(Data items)
________________
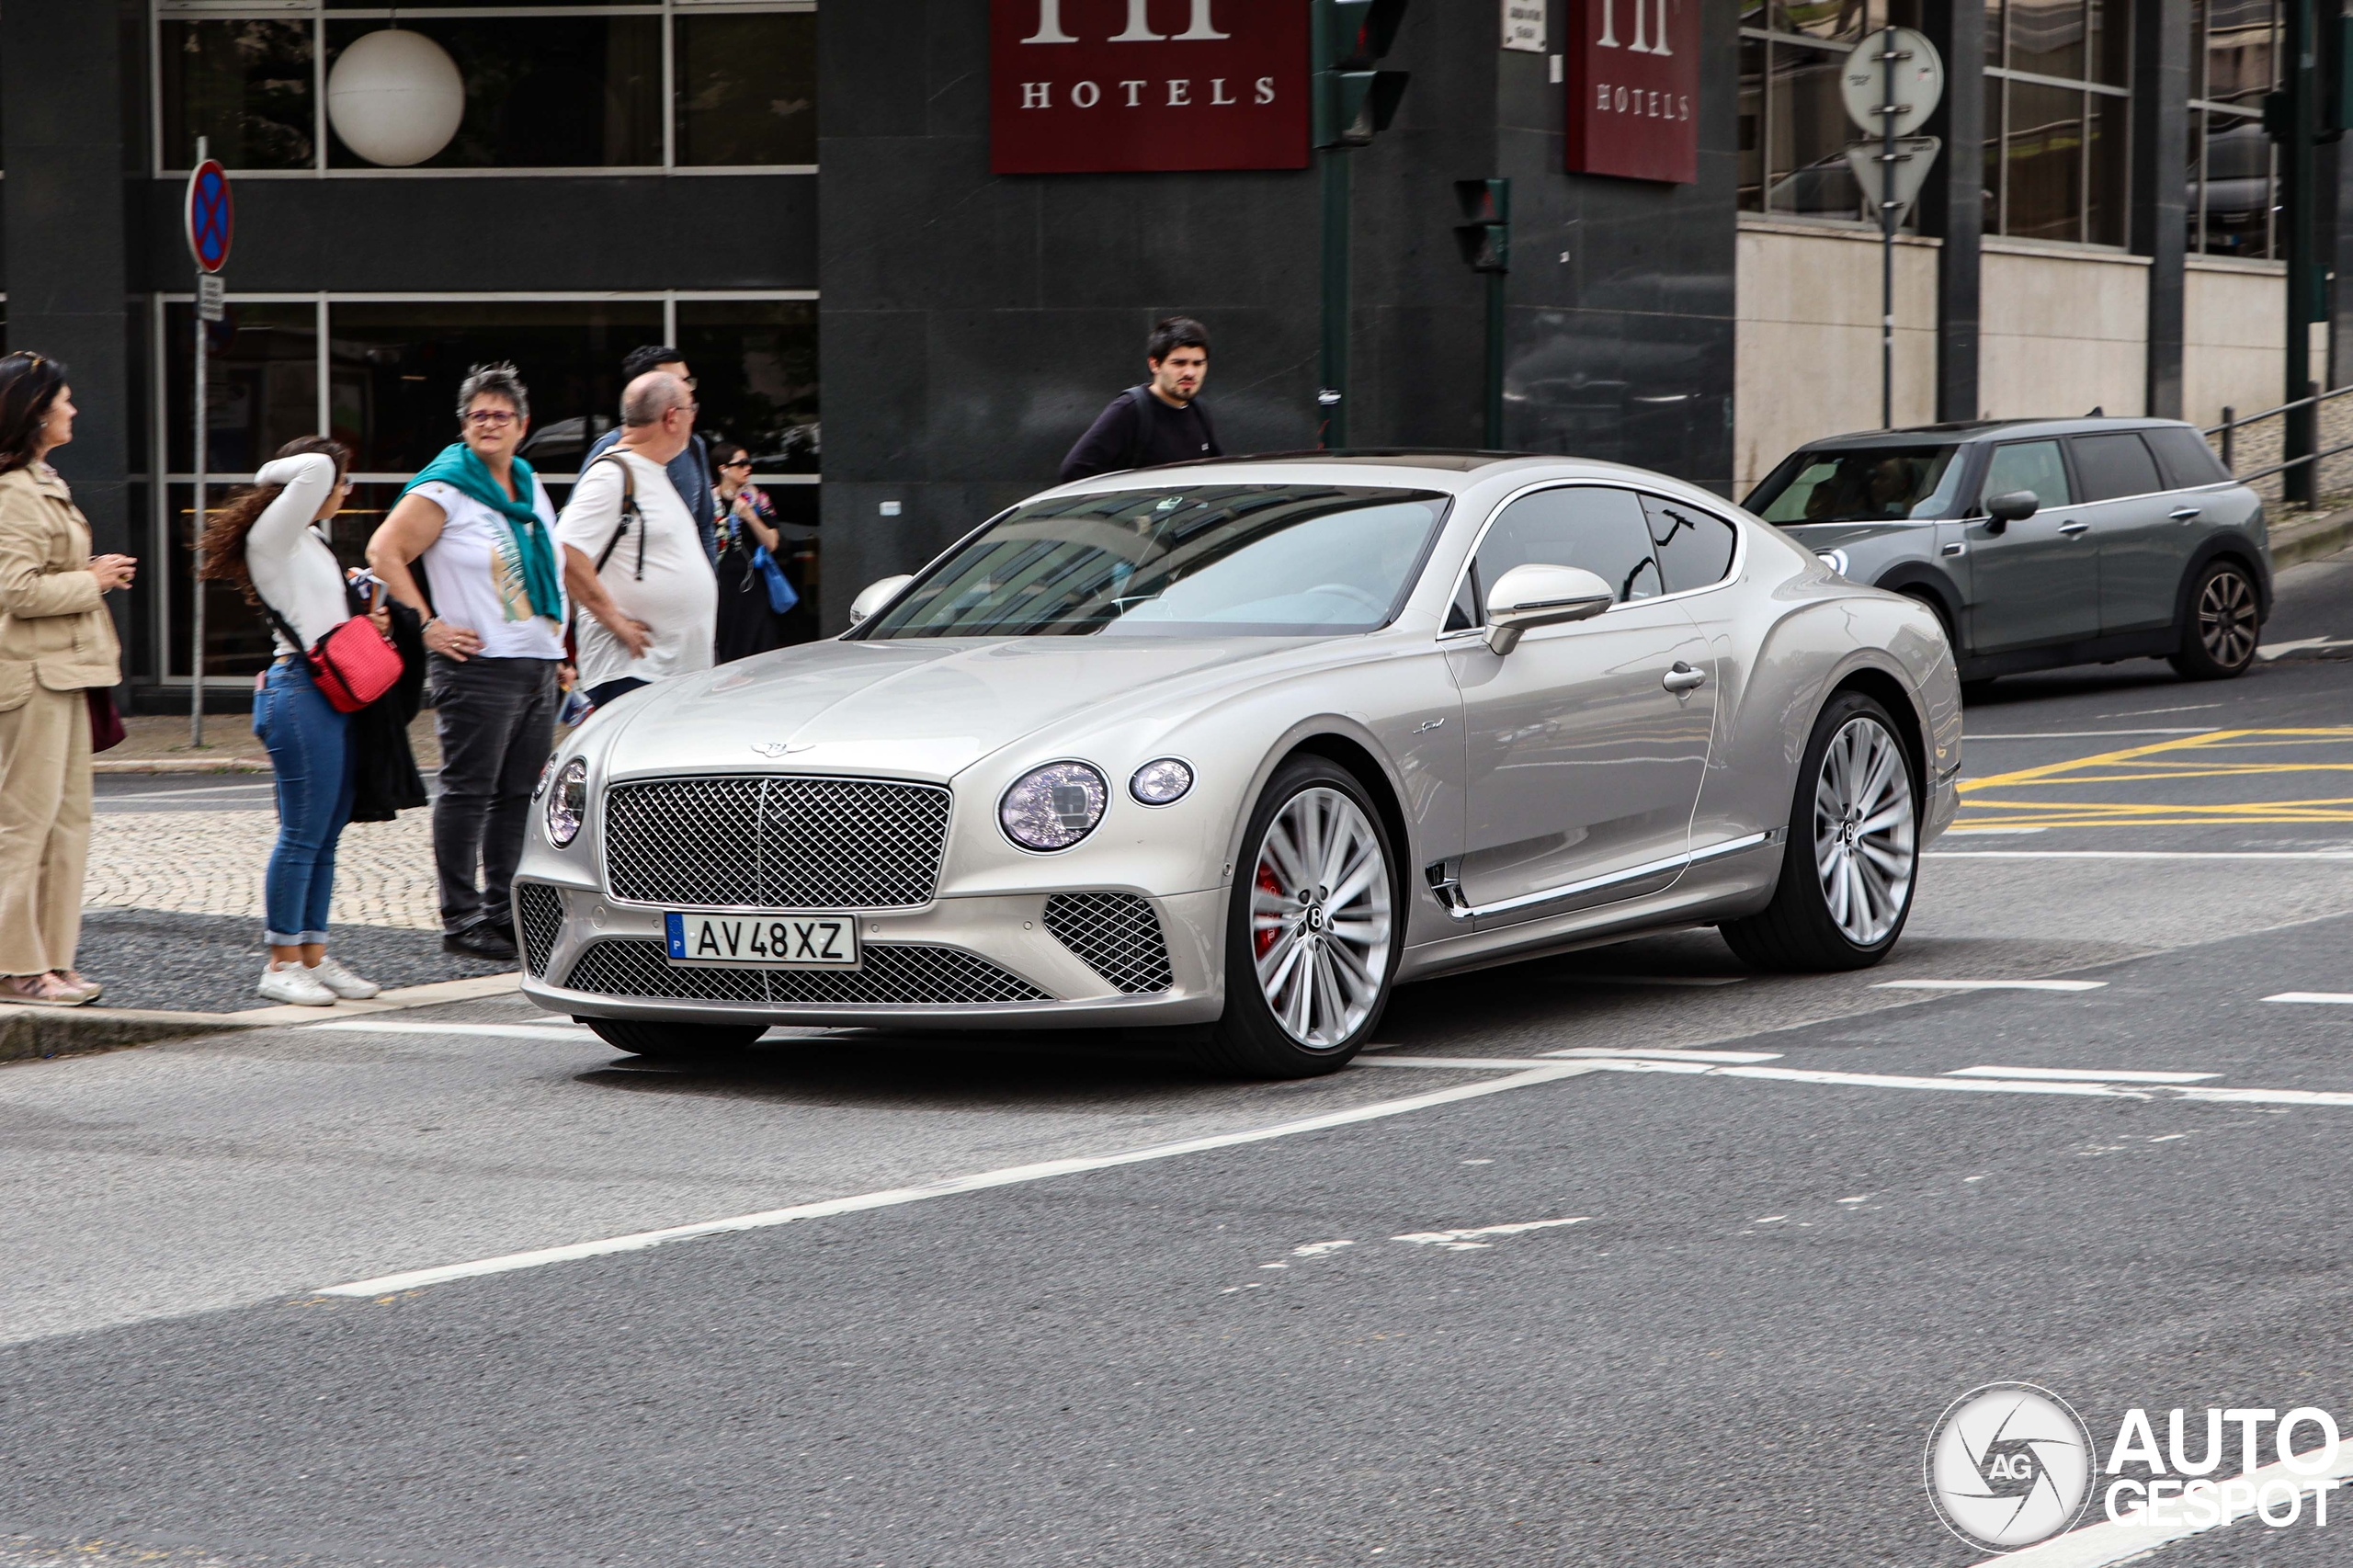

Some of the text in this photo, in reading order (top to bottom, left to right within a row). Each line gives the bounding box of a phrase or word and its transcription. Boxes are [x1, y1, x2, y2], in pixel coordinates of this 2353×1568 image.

[1019, 76, 1276, 109] HOTELS
[1596, 83, 1690, 121] HOTELS
[673, 939, 681, 950] P
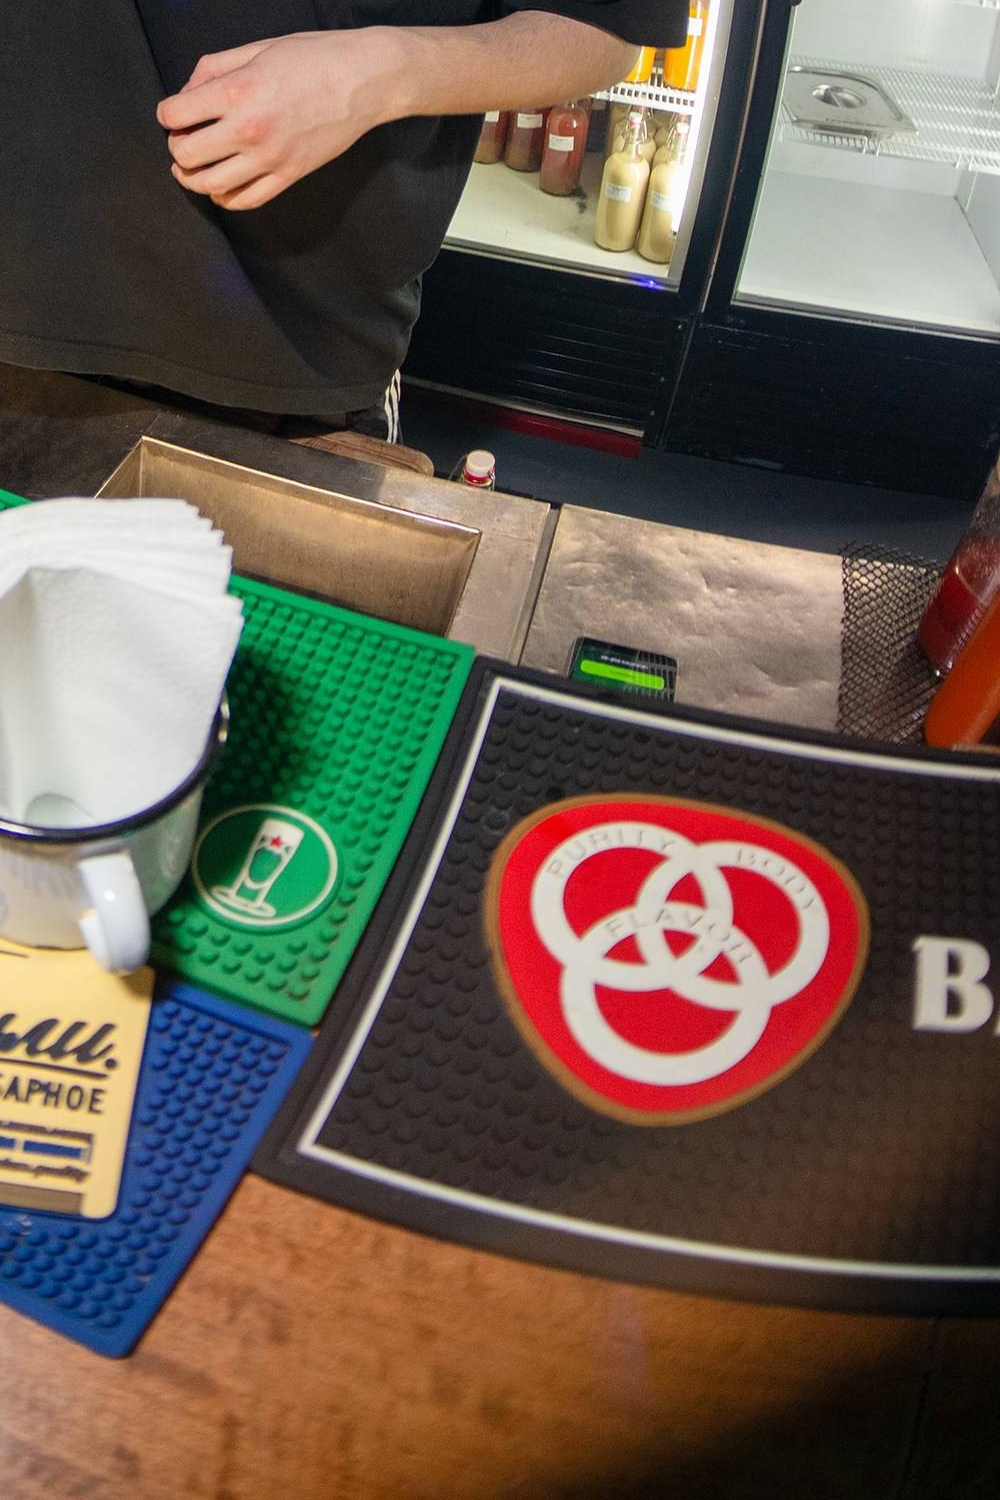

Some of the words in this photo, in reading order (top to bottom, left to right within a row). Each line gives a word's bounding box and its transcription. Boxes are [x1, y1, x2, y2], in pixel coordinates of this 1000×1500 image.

[546, 827, 678, 881] PURITY
[733, 847, 820, 913] BODY
[604, 906, 754, 965] FLAVOR
[911, 935, 1000, 1034] B
________________
## TASK OBJECTIVE
Print every record exactly without the images.

## RESPONSE
Some of the text in this photo, in reading order (top to bottom, left to right within a row). Each line gives the bounding box of a phrase or word and its transcription. Boxes are [x1, y1, x2, y2], in pixel coordinates of this 2353×1568 image.

[1019, 76, 1276, 109] HOTELS
[1596, 83, 1690, 121] HOTELS
[673, 939, 681, 950] P

Some of the words in this photo, in reading order (top to bottom, left to right within a row). Each line gives a word's bounding box and its transcription. Boxes are [x1, y1, x2, y2], in pixel coordinates of this 1000×1500 image.

[546, 827, 678, 881] PURITY
[733, 847, 820, 913] BODY
[604, 906, 754, 965] FLAVOR
[911, 935, 1000, 1034] B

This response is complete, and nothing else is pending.